Bone tissue consists of cells separated by an extracellular matrix with organic and inorganic components (Marieb, Wilhem & Mallatt, 2010). The organic components of bone consists of cells, collagen fibres and ground substance. The cells include osteoprogenitor cells which give rise to osteoblasts: the producers of new bone matrix (osteoid). Mature osteoblasts, called osteocytes, are trapped in lacunae where they maintain the mature bone; osteocytes may revert to osteoblasts in the incidence of a fracture. Osteoclasts are multinucleated cells with ruffled plasma membrane borders and are involved in bone resorption. Bone resorption is important for bone remodelling to improve tensile strength as well as remodel the newly deposited woven bone into mature bone after a fracture. There are two types of mature (lamellar) bone: compact bone and spongy bone (Marieb et al., 2010). The compact bone occurs towards the periphery and is arranged in Haversian systems: lamellae concentrically arranged around a central Haversian canal containing blood vessels, nerves and osteocytes (Marieb et al., 2010). The different Haversian systems communicate with each other, the periosteum and endosteum through the Volkmann's canals. In contrast, spongy bone in the mature adult appears towards the centre of the diaphysis and metaphysis and is arranged in bony shelves (trabeculae) (Marieb et al., 2010). The gross porous arrangement of spongy bone is important for housing the bone marrow (Marieb et al., 2010)


2. The Skin (Dermotome)

a. Dermis: The dermis is made up of two main regions: (1) the superficial papillary layer and (2) the deeper reticular layer (Marieb et al., 2010). The superficial papillary layer makes up 20% of the dermis and is areolar connective tissue consisting of collagen and elastic fibres; it includes the dermal papillae which extend into the overlying epidermis to strengthen the dermal-epidermal junction and increase surface area for nutrient, gas and waste exchange with the avascular epidermis (Marieb et al., 2010). The reticular layer is composed of dense irregular connective tissue with thick bundles of collagen and elastic fibres arranged in different planes (Marieb et al., 2010). Other cells interspersed among the connective tissue of the dermis include fibroblasts, macrophages, mast cells and other white blood cells including lymphocytes(Marieb et al., 2010). The dermis is highly vascular and supplied with nerve fibres (Marieb et al., 2010). There are two vascular plexuses; the deep dermal plexus and the subpapillary plexus (Marieb et al., 2010). These vessels serve not only for nutrient supply to the dermis and epidermis, but for temperature regulation as well (Marieb et al., 2010).
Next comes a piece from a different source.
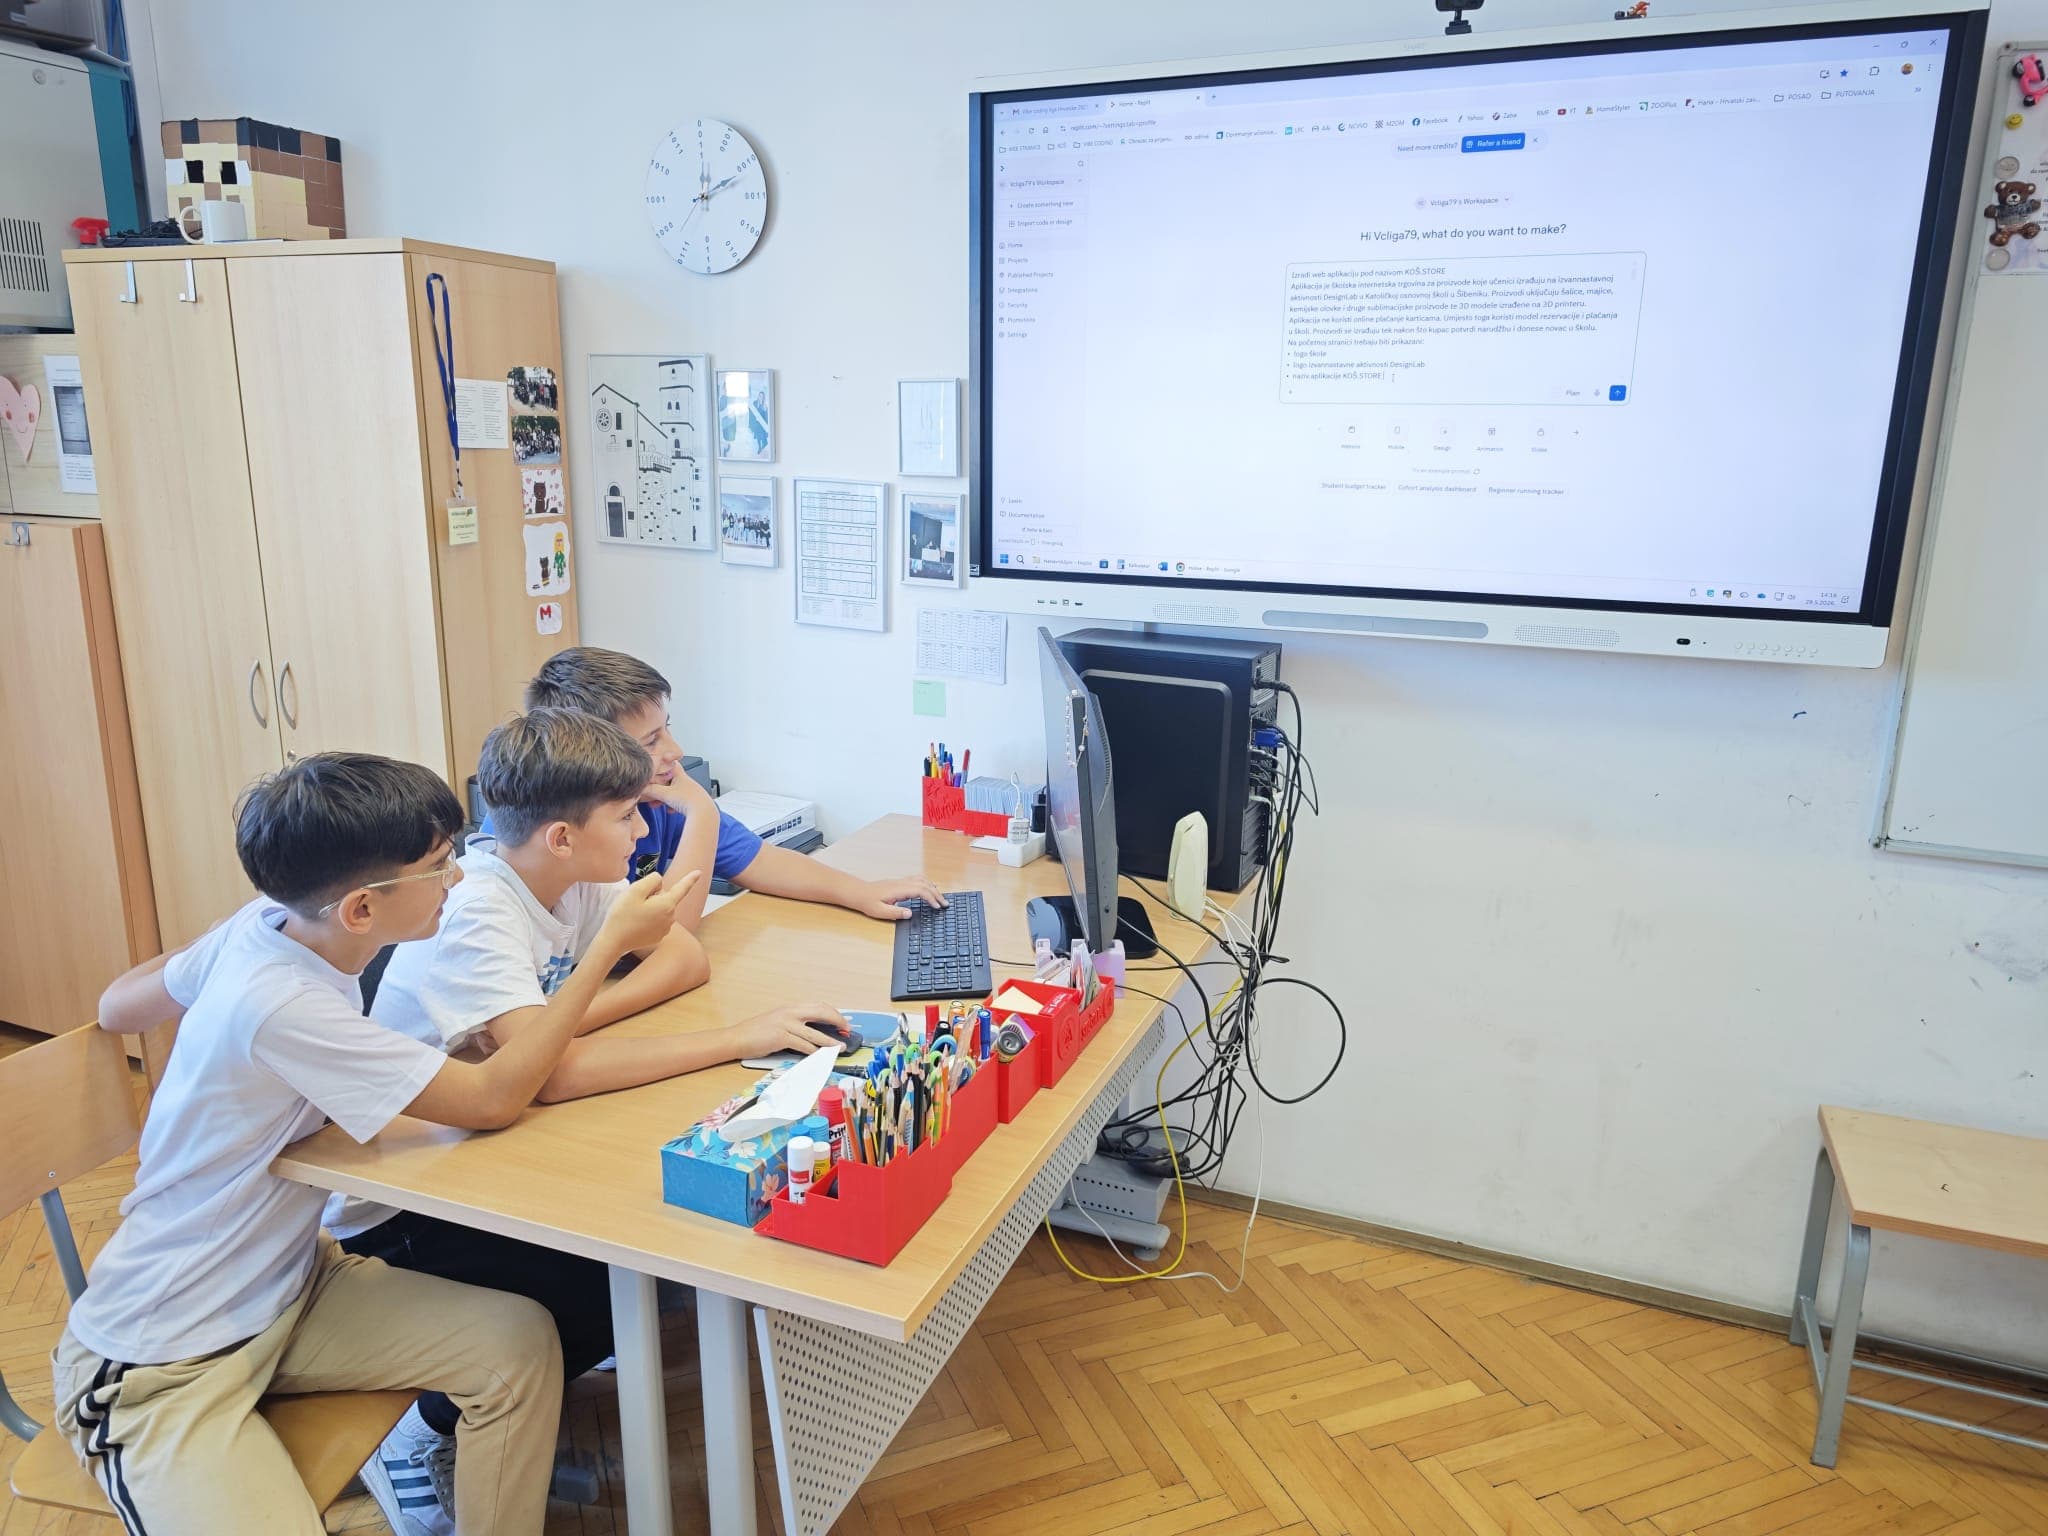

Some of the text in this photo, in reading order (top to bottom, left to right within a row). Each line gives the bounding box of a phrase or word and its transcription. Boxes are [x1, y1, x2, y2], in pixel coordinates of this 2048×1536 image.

b. Hypodermis: The subcutaneous layer, or fatty hypodermis, consists of areolar and adipose connective tissue(Marieb et al., 2010). The cellular components include adipocytes as well as white blood cells (Marieb et al., 2010). The hypodermis serves to store fat and anchor the skin to underlying structure in a manner that the skin can slide over structures(Marieb et al., 2010). Additionally, the adipose in the hypodermis serves an insulator.
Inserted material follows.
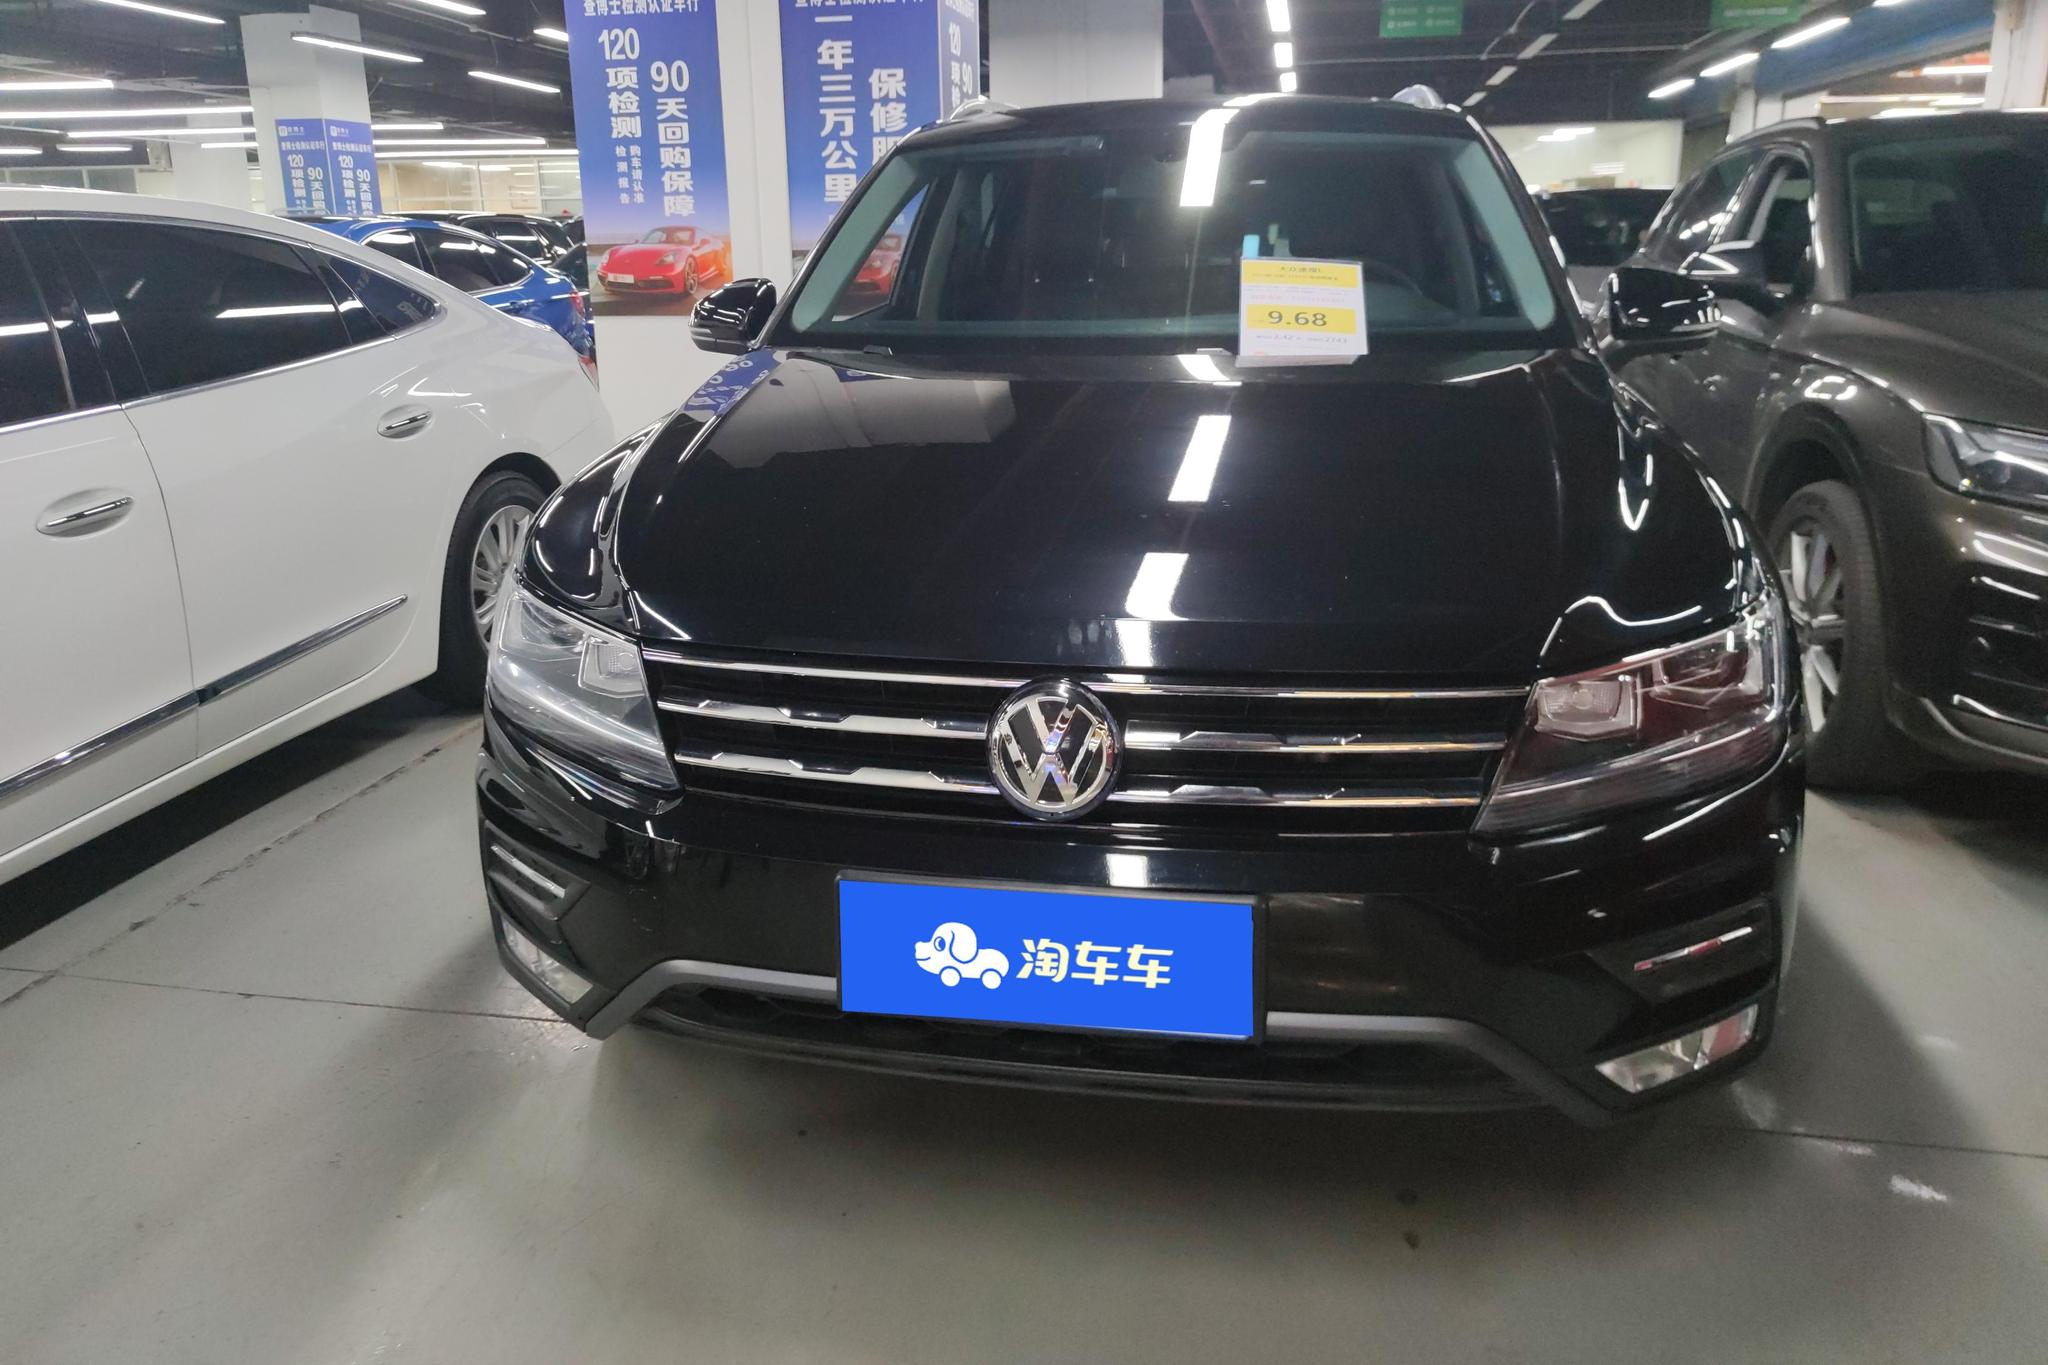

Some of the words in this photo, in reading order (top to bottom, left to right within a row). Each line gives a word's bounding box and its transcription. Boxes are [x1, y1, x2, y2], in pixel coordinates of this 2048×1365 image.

[598, 27, 642, 138] 120项检测
[650, 60, 695, 217] 90天回购保障
[815, 15, 858, 202] 一年三万公里
[1267, 310, 1328, 327] 9.68
3. Skeletal Muscle (Myotome) Skeletal muscle fibres come together to form a larger skeletal muscle surrounded by different levels of connective tissue "coats": the epimysium surrounds the whole skeletal muscle, the perimysium covers each fascicle and the loose CT endomysium separates each skeletal muscle fibre (Marieb et al., 2010). The skeletal muscle fibres are long cylindrical cells with a diameter between 10-100um (Marieb et al., 2010) . These muscle fbres are formed by the fusion of embryonic cells and hence contain many nuclei which are located at the periphery of each fibre beneath the sarcolemma, the skeletal muscle cell membrane (Marieb et al., 2010). These muscle fibres appear striated because of the internal organelles of the muscle fibres: myofibrils, the contractile organelles of muscle tissue (Marieb et al., 2010).


References

Marieb, E. N., Wilhelm, P. B., Mallatt, J. (2010). Human Anatomy (6th ed.). San Francisco, CA: Pearson Education, Inc.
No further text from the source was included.